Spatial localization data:
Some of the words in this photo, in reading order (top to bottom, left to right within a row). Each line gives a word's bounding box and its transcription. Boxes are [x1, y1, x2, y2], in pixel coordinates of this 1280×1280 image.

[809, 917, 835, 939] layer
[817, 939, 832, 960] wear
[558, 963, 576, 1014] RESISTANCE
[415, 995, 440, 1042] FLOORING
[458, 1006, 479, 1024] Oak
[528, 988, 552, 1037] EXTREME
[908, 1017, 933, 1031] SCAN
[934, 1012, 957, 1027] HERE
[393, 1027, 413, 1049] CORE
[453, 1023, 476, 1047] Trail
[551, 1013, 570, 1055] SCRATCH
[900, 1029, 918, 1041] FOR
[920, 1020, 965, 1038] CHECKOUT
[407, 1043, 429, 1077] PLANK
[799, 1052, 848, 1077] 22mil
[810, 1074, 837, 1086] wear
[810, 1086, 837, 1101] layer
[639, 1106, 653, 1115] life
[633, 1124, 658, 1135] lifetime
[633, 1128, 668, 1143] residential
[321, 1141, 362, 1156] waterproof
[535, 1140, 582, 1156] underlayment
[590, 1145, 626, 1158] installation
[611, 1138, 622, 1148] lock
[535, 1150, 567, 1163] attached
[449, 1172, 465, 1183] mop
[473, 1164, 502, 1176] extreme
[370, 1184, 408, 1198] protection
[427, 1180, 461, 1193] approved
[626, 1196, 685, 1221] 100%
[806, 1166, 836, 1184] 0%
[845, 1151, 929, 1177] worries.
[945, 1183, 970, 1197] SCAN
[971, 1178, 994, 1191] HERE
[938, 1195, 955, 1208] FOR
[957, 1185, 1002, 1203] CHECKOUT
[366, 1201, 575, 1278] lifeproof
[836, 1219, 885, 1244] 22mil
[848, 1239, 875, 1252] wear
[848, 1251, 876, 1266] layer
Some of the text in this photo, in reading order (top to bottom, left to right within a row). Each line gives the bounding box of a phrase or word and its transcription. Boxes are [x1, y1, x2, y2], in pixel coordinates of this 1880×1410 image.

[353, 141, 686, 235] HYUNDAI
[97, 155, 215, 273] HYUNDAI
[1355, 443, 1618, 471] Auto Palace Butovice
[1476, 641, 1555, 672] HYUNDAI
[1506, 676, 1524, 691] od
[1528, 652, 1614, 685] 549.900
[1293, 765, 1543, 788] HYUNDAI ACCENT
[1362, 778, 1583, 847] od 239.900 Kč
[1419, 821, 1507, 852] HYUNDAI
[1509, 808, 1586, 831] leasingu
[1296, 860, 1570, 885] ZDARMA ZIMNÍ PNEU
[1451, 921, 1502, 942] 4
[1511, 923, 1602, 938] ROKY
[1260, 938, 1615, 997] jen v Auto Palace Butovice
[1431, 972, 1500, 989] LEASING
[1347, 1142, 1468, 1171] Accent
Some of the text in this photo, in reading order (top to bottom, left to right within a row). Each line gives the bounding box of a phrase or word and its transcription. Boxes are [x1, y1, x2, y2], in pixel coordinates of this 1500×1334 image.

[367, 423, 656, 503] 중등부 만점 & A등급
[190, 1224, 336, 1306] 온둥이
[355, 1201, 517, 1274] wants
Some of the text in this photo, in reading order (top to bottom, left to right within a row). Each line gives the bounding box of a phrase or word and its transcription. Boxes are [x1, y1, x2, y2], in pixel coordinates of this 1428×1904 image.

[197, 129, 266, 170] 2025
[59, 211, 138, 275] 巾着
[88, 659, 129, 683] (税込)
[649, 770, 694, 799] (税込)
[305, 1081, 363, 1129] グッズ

## [What is being asked]
Write down all of the records again, word for word.

## [Result for this task]
Some of the words in this photo, in reading order (top to bottom, left to right within a row). Each line gives a word's bounding box and its transcription. Boxes are [x1, y1, x2, y2], in pixel coordinates of this 1280×1280 image.

[809, 917, 835, 939] layer
[817, 939, 832, 960] wear
[558, 963, 576, 1014] RESISTANCE
[415, 995, 440, 1042] FLOORING
[458, 1006, 479, 1024] Oak
[528, 988, 552, 1037] EXTREME
[908, 1017, 933, 1031] SCAN
[934, 1012, 957, 1027] HERE
[393, 1027, 413, 1049] CORE
[453, 1023, 476, 1047] Trail
[551, 1013, 570, 1055] SCRATCH
[900, 1029, 918, 1041] FOR
[920, 1020, 965, 1038] CHECKOUT
[407, 1043, 429, 1077] PLANK
[799, 1052, 848, 1077] 22mil
[810, 1074, 837, 1086] wear
[810, 1086, 837, 1101] layer
[639, 1106, 653, 1115] life
[633, 1124, 658, 1135] lifetime
[633, 1128, 668, 1143] residential
[321, 1141, 362, 1156] waterproof
[535, 1140, 582, 1156] underlayment
[590, 1145, 626, 1158] installation
[611, 1138, 622, 1148] lock
[535, 1150, 567, 1163] attached
[449, 1172, 465, 1183] mop
[473, 1164, 502, 1176] extreme
[370, 1184, 408, 1198] protection
[427, 1180, 461, 1193] approved
[626, 1196, 685, 1221] 100%
[806, 1166, 836, 1184] 0%
[845, 1151, 929, 1177] worries.
[945, 1183, 970, 1197] SCAN
[971, 1178, 994, 1191] HERE
[938, 1195, 955, 1208] FOR
[957, 1185, 1002, 1203] CHECKOUT
[366, 1201, 575, 1278] lifeproof
[836, 1219, 885, 1244] 22mil
[848, 1239, 875, 1252] wear
[848, 1251, 876, 1266] layer
Some of the text in this photo, in reading order (top to bottom, left to right within a row). Each line gives the bounding box of a phrase or word and its transcription. Boxes are [x1, y1, x2, y2], in pixel coordinates of this 1880×1410 image.

[353, 141, 686, 235] HYUNDAI
[97, 155, 215, 273] HYUNDAI
[1355, 443, 1618, 471] Auto Palace Butovice
[1476, 641, 1555, 672] HYUNDAI
[1506, 676, 1524, 691] od
[1528, 652, 1614, 685] 549.900
[1293, 765, 1543, 788] HYUNDAI ACCENT
[1362, 778, 1583, 847] od 239.900 Kč
[1419, 821, 1507, 852] HYUNDAI
[1509, 808, 1586, 831] leasingu
[1296, 860, 1570, 885] ZDARMA ZIMNÍ PNEU
[1451, 921, 1502, 942] 4
[1511, 923, 1602, 938] ROKY
[1260, 938, 1615, 997] jen v Auto Palace Butovice
[1431, 972, 1500, 989] LEASING
[1347, 1142, 1468, 1171] Accent
Some of the text in this photo, in reading order (top to bottom, left to right within a row). Each line gives the bounding box of a phrase or word and its transcription. Boxes are [x1, y1, x2, y2], in pixel coordinates of this 1500×1334 image.

[367, 423, 656, 503] 중등부 만점 & A등급
[190, 1224, 336, 1306] 온둥이
[355, 1201, 517, 1274] wants
Some of the text in this photo, in reading order (top to bottom, left to right within a row). Each line gives the bounding box of a phrase or word and its transcription. Boxes are [x1, y1, x2, y2], in pixel coordinates of this 1428×1904 image.

[197, 129, 266, 170] 2025
[59, 211, 138, 275] 巾着
[88, 659, 129, 683] (税込)
[649, 770, 694, 799] (税込)
[305, 1081, 363, 1129] グッズ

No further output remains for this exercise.